Story 2 - compliance SWE, stacked DSA rounds (2025)
A Compliance Software Engineer applicant (write-up updated 5 September 2025) got an OA within two weeks of applying - two easy coding problems on the GeeksforGeeks platform - then noted “a few days after clearing the OA, an interview was scheduled,” followed later by three one-hour DSA/engineering rounds (plus managerial if shortlisted) stacked on one day (GeeksforGeeks).
What to steal: once OA clears, assume interviews can stack; keep DSA narration warm; read more on Goldman Sachs interview experiences; treat each write-up as a vibe check, then return to timed mocks.

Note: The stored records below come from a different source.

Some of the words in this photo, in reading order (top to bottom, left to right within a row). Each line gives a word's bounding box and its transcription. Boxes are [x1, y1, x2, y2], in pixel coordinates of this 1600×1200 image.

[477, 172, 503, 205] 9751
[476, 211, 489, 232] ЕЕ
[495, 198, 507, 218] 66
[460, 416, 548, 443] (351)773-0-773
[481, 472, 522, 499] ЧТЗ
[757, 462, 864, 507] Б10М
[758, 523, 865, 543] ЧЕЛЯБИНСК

Patterns across 2024-2026 write-ups
OA is the steep filter - large applicant pools shrink fast after coding+math
Interview days can be dense; stamina is a skill
Specialized roles (compliance tech, etc.) may tweak OA platforms or difficulty, but DSA narration remains central
Candidates who clear often mention boring strengths: clean complexity talk, not blanking probability, and design answers that name failure modes
Common failure modes: finishing two codes and guessing math; memorizing a trading-system blog without being able to draw data flow; managerial answers with no metrics; location bluffs that collapse in HR.
Similar companies
Keep using this site for timed papers and nested guides for drills. Finance-tech prep rewards boring consistency: one OA mock rhythm, one design sketch rhythm, one STAR rehearsal rhythm.
If you are also applying to product companies, keep a separate Meta/Amazon-style values bank - GS managerial stories overlap but are not identical to Leadership Principles or Meta values. Reuse facts; retarget the framing.